- _Activity_
Quote every line below exactly as it reads.

--- START ---

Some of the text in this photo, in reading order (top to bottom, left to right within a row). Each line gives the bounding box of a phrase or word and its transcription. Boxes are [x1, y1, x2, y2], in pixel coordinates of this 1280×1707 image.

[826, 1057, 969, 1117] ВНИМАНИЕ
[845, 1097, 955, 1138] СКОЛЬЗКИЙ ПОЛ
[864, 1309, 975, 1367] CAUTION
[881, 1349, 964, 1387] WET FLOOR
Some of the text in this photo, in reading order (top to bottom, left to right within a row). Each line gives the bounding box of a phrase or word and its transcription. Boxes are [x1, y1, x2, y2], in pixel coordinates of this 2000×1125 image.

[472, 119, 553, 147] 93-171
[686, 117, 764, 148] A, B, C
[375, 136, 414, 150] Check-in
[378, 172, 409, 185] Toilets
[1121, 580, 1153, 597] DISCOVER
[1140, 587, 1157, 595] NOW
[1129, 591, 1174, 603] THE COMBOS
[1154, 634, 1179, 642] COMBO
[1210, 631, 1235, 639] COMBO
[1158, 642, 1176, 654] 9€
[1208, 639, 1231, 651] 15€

--- END ---

- _Exercise output_
Some of the text in this photo, in reading order (top to bottom, left to right within a row). Each line gives the bounding box of a phrase or word and its transcription. Boxes are [x1, y1, x2, y2], in pixel coordinates of this 1280×1707 image.

[826, 1057, 969, 1117] ВНИМАНИЕ
[845, 1097, 955, 1138] СКОЛЬЗКИЙ ПОЛ
[864, 1309, 975, 1367] CAUTION
[881, 1349, 964, 1387] WET FLOOR
Some of the text in this photo, in reading order (top to bottom, left to right within a row). Each line gives the bounding box of a phrase or word and its transcription. Boxes are [x1, y1, x2, y2], in pixel coordinates of this 2000×1125 image.

[472, 119, 553, 147] 93-171
[686, 117, 764, 148] A, B, C
[375, 136, 414, 150] Check-in
[378, 172, 409, 185] Toilets
[1121, 580, 1153, 597] DISCOVER
[1140, 587, 1157, 595] NOW
[1129, 591, 1174, 603] THE COMBOS
[1154, 634, 1179, 642] COMBO
[1210, 631, 1235, 639] COMBO
[1158, 642, 1176, 654] 9€
[1208, 639, 1231, 651] 15€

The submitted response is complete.